13. Do not expect them to arouse you
Funny, right? Some people confuse it with an “arousal device.” Umm.. no! Sorry to disappoint you, it won’t get you anywhere or even close to it. A tampon will definitely leave you feeling dry, if not high, you know what I mean.
14. I cannot pee with a tampon inside me
As per a woman’s anatomy, you pee from your urethra and insert the tampon in your vagina. Both the openings are different. Therefore, you should be able to pee freely. About the string, hold it and put it on one side so that it doesn’t get soaked by urine. You don’t want to move around with a soggy thread in your underwear, not only is it unhygienic, it’s just gross! Once done, clean up and let the string hang. You’re good to go.

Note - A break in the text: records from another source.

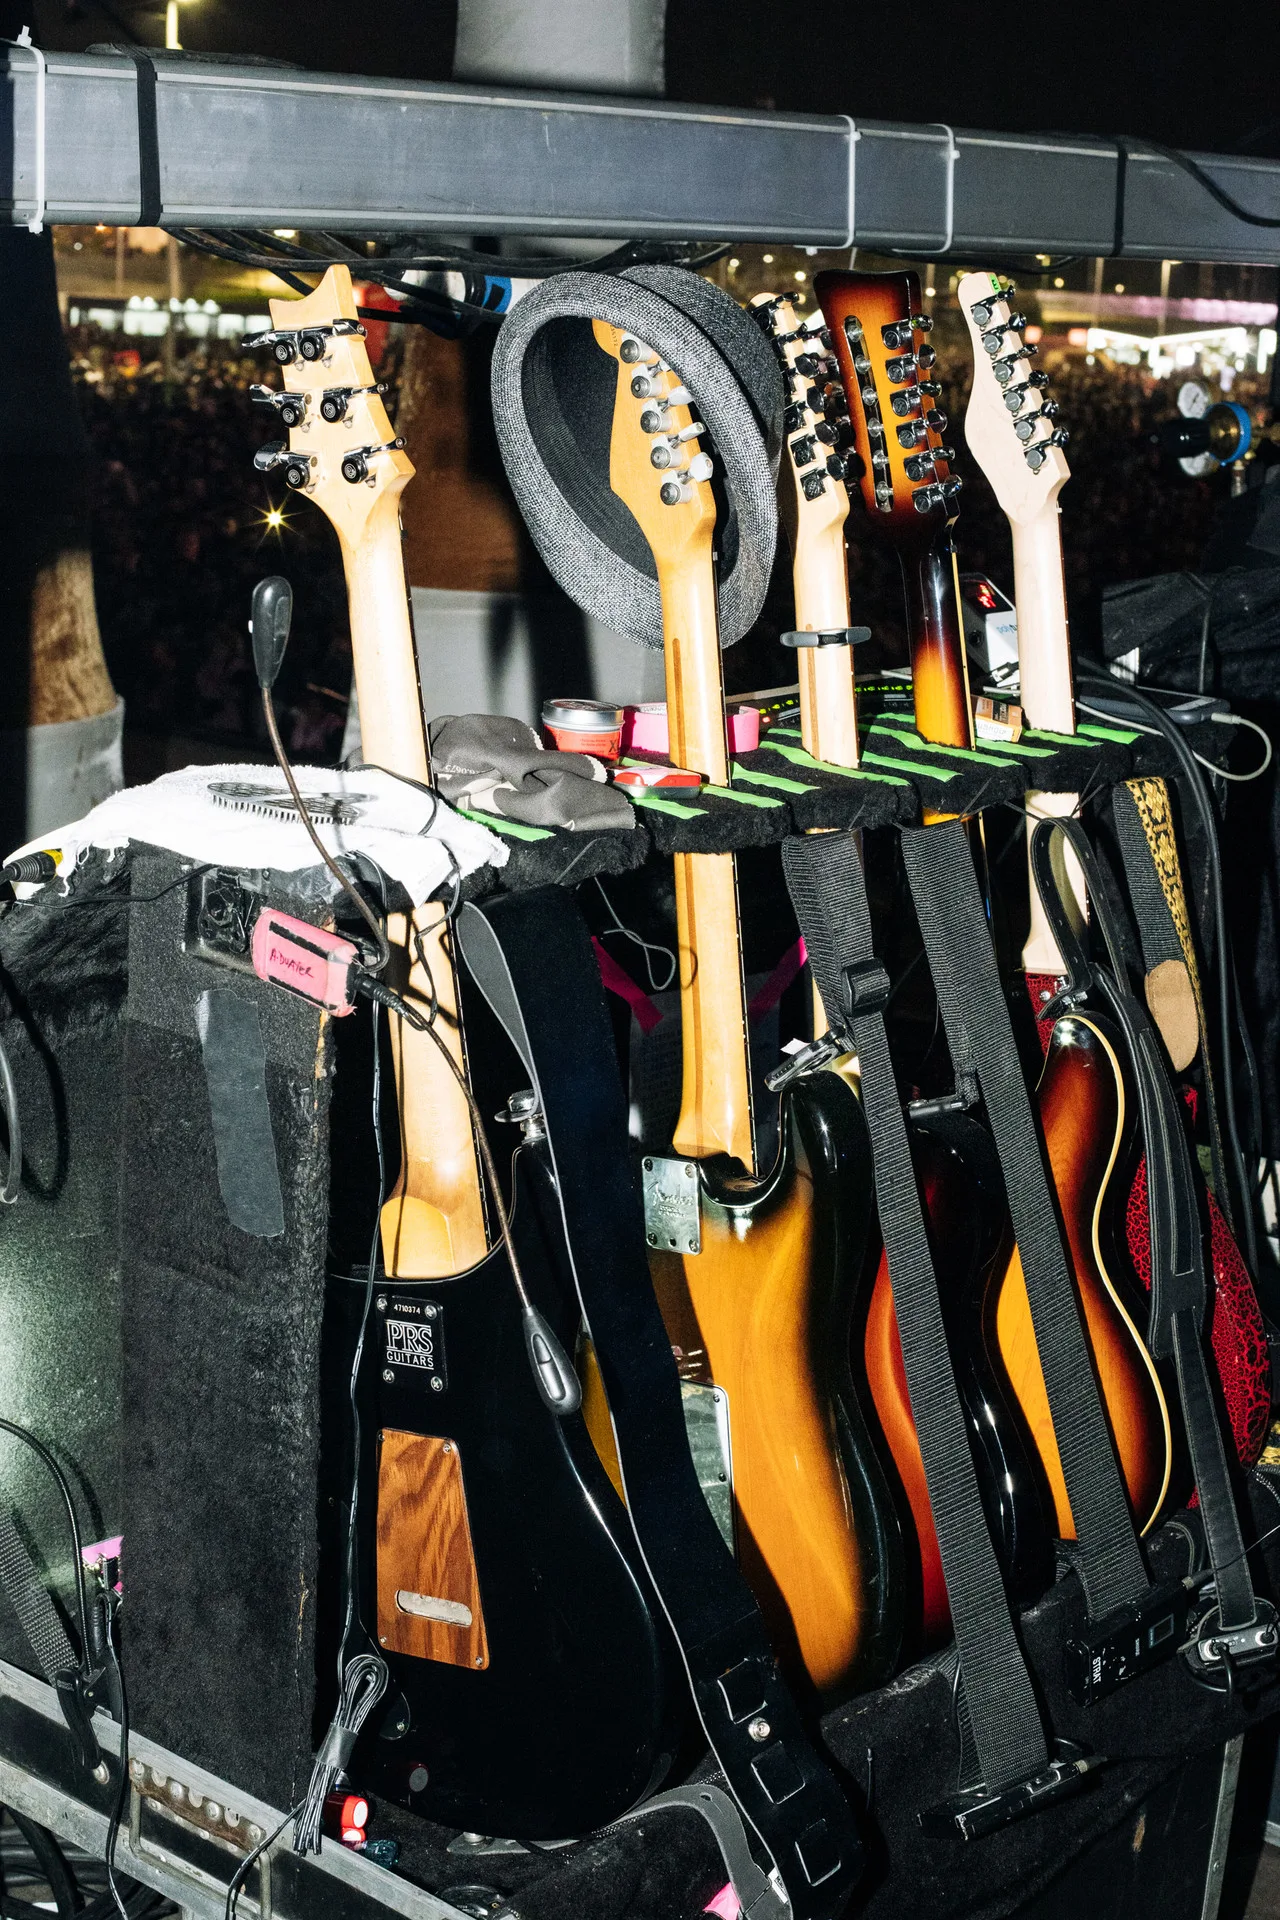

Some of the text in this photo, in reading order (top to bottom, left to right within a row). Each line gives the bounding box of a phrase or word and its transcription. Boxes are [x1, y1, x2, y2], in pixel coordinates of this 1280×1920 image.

[393, 1303, 421, 1315] 4710374
[385, 1321, 434, 1355] PRS
[386, 1350, 434, 1368] GUITARS
[1092, 1656, 1102, 1685] STRAT
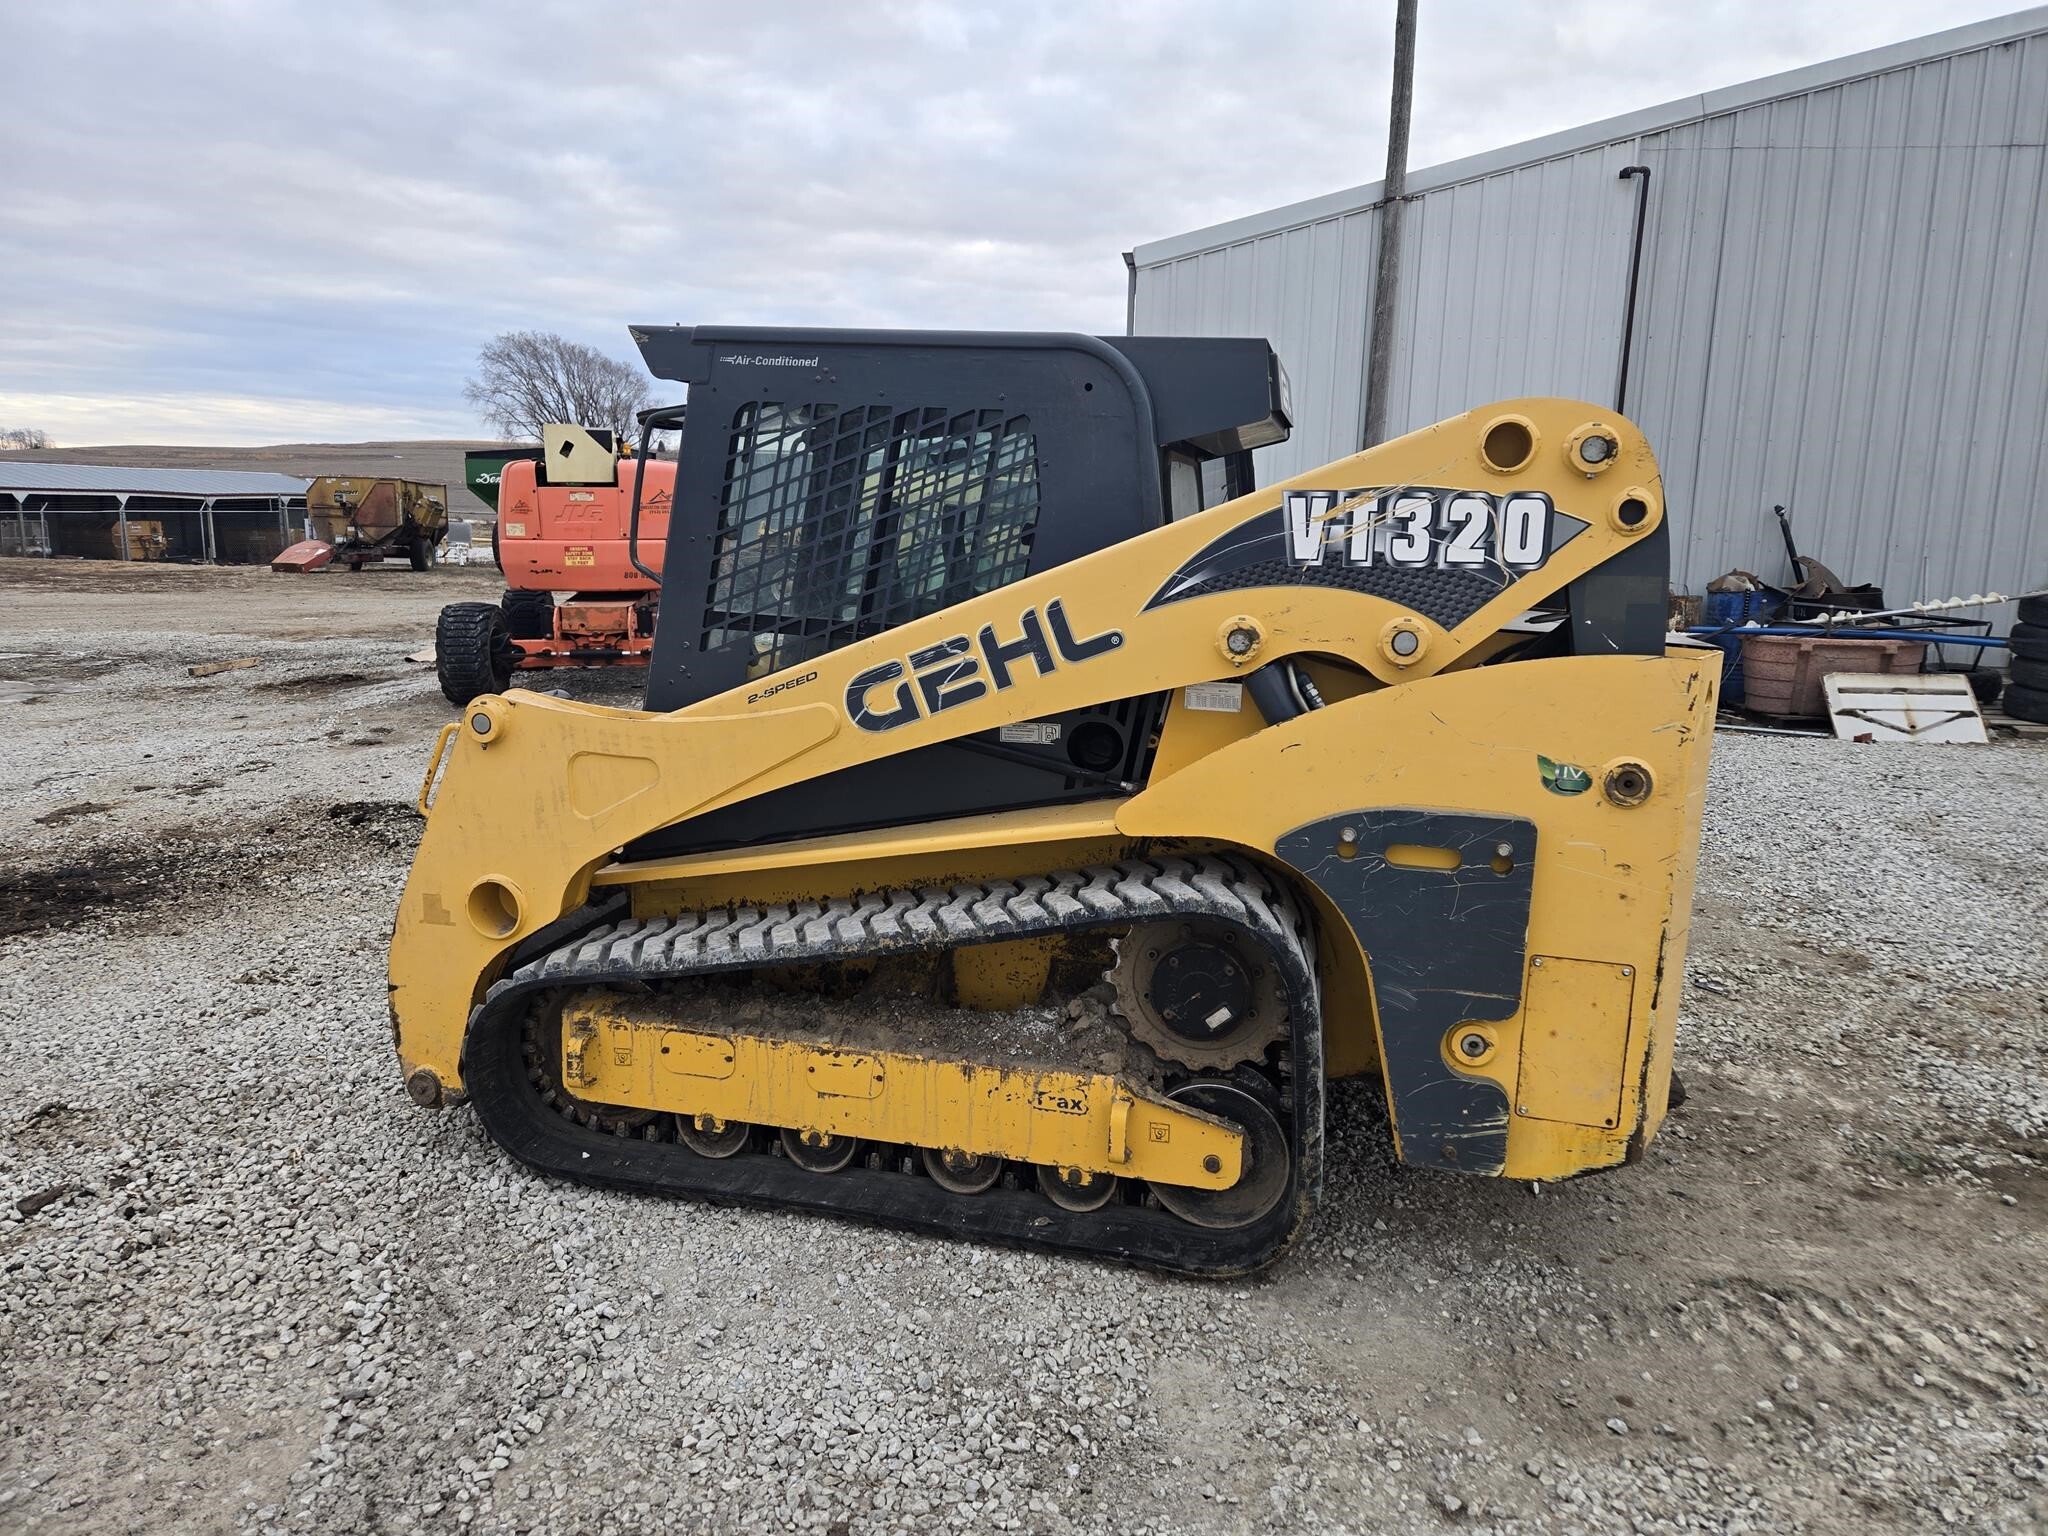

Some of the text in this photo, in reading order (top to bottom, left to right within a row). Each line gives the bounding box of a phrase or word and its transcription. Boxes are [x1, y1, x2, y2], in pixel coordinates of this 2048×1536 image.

[735, 355, 819, 367] Air-Conditioned
[553, 504, 604, 524] JLG
[1283, 490, 1554, 570] VT320
[844, 597, 1124, 733] GEHL
[747, 671, 818, 705] 2-SPEED
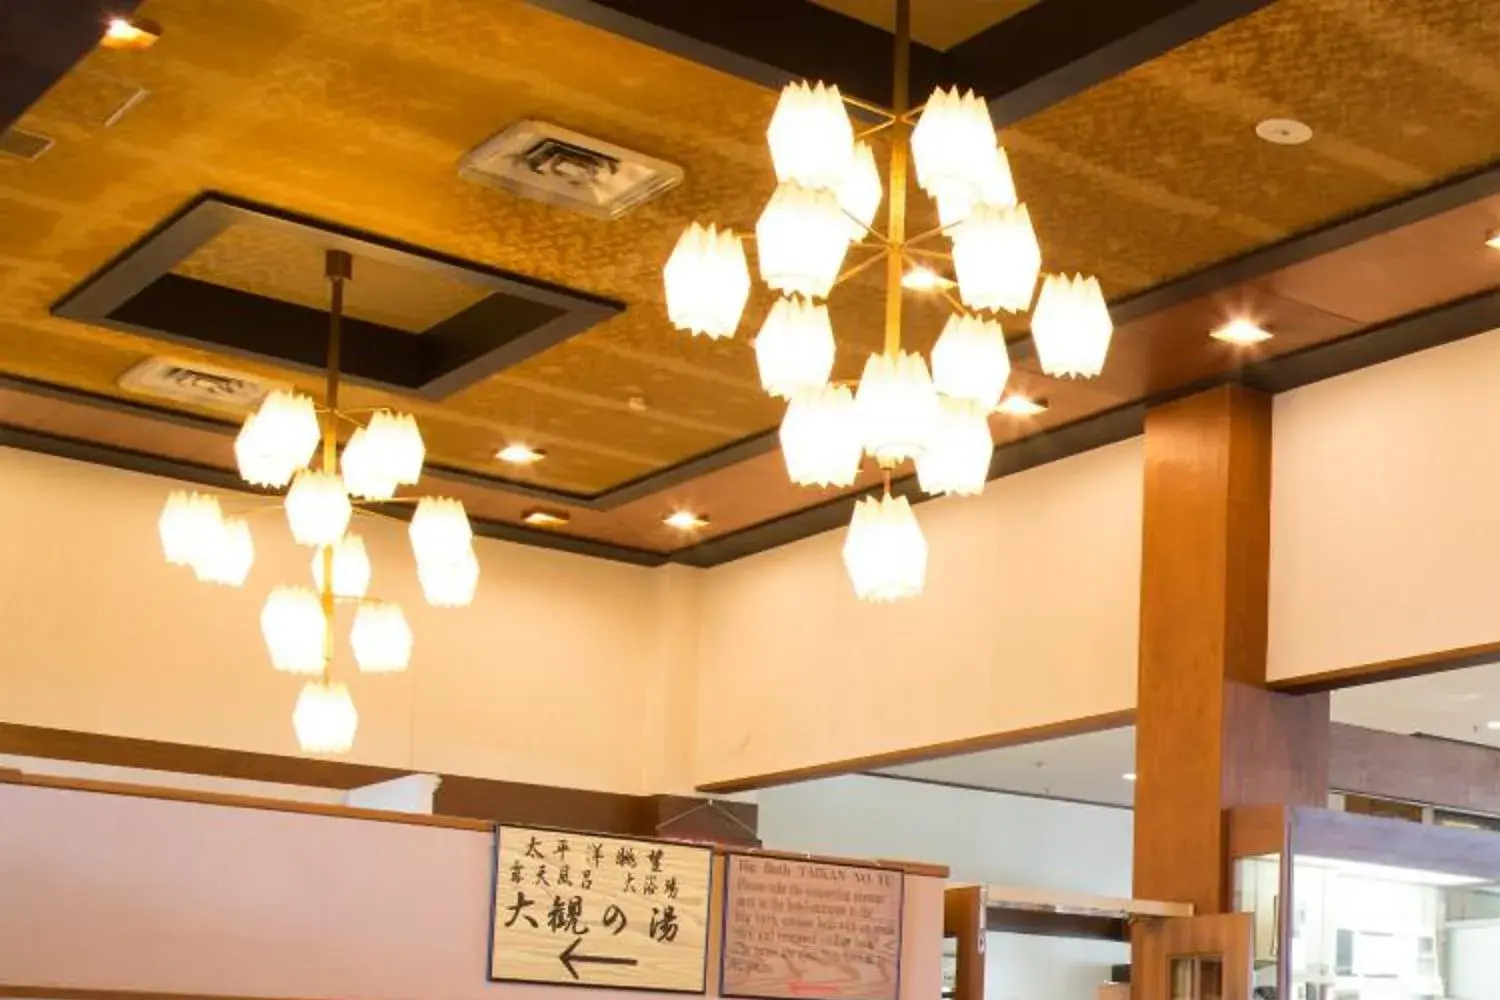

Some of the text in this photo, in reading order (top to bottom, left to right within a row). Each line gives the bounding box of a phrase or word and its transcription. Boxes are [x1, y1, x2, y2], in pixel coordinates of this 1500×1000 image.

[525, 835, 665, 873] 太平洋眺望
[510, 859, 679, 899] 露天風呂 大浴場
[504, 890, 679, 943] 大観の湯

15. I tried but it doesn’t go beyond half
Firstly, make sure you’re on your period when trying to insert, because the period blood acts as a natural lubricant. Secondly, most of us assume that it has to be inserted right into the vagina, which is not accurate. Try slanting it upwards, almost towards your back.
Lastly, the right position and posture while inserting a tampon is very important. Some people prefer to raise one leg and place it on a shut toilet seat, while others prefer the squat position. Make sure your vaginal muscles are relaxed. Practice a deep inhale and long exhale to loosen any contracted muscles in your vaginal or abdominal area.
The list of myths and doubts surrounding a tampon is endless. No wonder why it hasn’t been an easily acceptable period product for the masses. This article was intended to provide some insight into clarifying and demystifying some of the tampon myths and add some interesting facts about a tampon. Hope it helps!